The incident came to light when several affected customers began calling the company’s call center, reporting that their purchased digital gold had been sold without their consent. Following the revelations, the company filed an FIR with the Central Region Cyber Police in Mumbai. The cyber cell has launched a full-scale investigation.
According to information from the Cyber Cell, the complaint was lodged by Ravindra Rajmal Chaudhary (36), Head of Fraud Risk Management at Aditya Birla Capital Digital Limited. The company buys and sells digital gold through MMTC-PAMP, a government-authorized entity. All transactions are processed via Razorpay and facilitated through the company’s mobile application “ABCD,” which offers various financial services including digital gold, silver, UPI, mutual funds, and insurance.

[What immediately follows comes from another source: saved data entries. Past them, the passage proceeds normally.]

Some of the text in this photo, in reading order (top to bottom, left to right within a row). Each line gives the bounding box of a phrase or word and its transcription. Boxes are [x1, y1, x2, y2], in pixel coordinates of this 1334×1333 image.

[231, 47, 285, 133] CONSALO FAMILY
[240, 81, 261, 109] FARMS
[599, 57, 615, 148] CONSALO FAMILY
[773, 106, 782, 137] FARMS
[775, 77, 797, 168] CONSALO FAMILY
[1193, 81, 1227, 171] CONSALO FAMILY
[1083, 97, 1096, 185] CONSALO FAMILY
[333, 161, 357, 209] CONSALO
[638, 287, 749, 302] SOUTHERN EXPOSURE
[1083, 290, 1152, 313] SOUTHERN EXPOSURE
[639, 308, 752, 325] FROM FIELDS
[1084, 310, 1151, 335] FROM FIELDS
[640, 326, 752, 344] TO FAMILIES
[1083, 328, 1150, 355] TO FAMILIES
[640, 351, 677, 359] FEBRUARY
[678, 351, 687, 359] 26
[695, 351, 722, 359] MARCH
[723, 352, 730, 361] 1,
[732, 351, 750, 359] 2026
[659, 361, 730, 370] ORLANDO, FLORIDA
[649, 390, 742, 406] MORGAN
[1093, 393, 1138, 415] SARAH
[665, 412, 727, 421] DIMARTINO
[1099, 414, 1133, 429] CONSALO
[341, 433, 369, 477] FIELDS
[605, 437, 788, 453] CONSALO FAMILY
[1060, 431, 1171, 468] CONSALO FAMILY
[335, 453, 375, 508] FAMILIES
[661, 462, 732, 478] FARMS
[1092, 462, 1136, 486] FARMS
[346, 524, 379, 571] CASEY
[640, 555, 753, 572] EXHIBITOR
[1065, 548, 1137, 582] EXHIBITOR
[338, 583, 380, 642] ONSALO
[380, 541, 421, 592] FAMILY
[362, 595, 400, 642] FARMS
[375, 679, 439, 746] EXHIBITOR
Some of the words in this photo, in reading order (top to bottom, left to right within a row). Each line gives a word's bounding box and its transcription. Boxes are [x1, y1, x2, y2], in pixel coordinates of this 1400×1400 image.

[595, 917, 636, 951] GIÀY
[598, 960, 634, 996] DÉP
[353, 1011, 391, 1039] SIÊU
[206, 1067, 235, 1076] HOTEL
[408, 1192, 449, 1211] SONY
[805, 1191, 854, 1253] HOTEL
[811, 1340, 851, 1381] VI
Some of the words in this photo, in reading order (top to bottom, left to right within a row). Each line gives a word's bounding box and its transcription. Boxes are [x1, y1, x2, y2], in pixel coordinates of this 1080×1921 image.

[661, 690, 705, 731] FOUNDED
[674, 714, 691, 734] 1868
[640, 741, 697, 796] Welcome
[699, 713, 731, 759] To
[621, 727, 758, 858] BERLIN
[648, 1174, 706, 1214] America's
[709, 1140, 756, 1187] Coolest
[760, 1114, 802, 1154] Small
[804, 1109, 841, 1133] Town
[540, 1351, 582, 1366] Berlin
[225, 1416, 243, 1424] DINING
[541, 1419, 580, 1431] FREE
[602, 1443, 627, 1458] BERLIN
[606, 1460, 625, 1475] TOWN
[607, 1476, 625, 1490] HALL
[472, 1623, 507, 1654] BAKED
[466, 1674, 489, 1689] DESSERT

As per the complaint, on June 9, the company’s technical team discovered that an unidentified individual had hacked into the application programming interface (API) between the ABCD app and the company’s server at digital.adityabirlacapital.com. The hacker manipulated the app’s normal transaction protocols and successfully sold digital gold from the accounts of 435 users—bypassing the mandatory OTP (one-time password) verification process.
The fraud came to light when multiple users began contacting the company’s call center, claiming their digital gold had been sold without authorization. Upon internal review, the technology team suspended the digital gold selling feature.
A subsequent investigation by the information security team confirmed that on June 9, digital gold belonging to 435 customers had indeed been illicitly sold. The company submitted a list of affected users along with detailed logs to the Cyber Cell, which has now begun a detailed technical investigation into the breach. Further action is underway.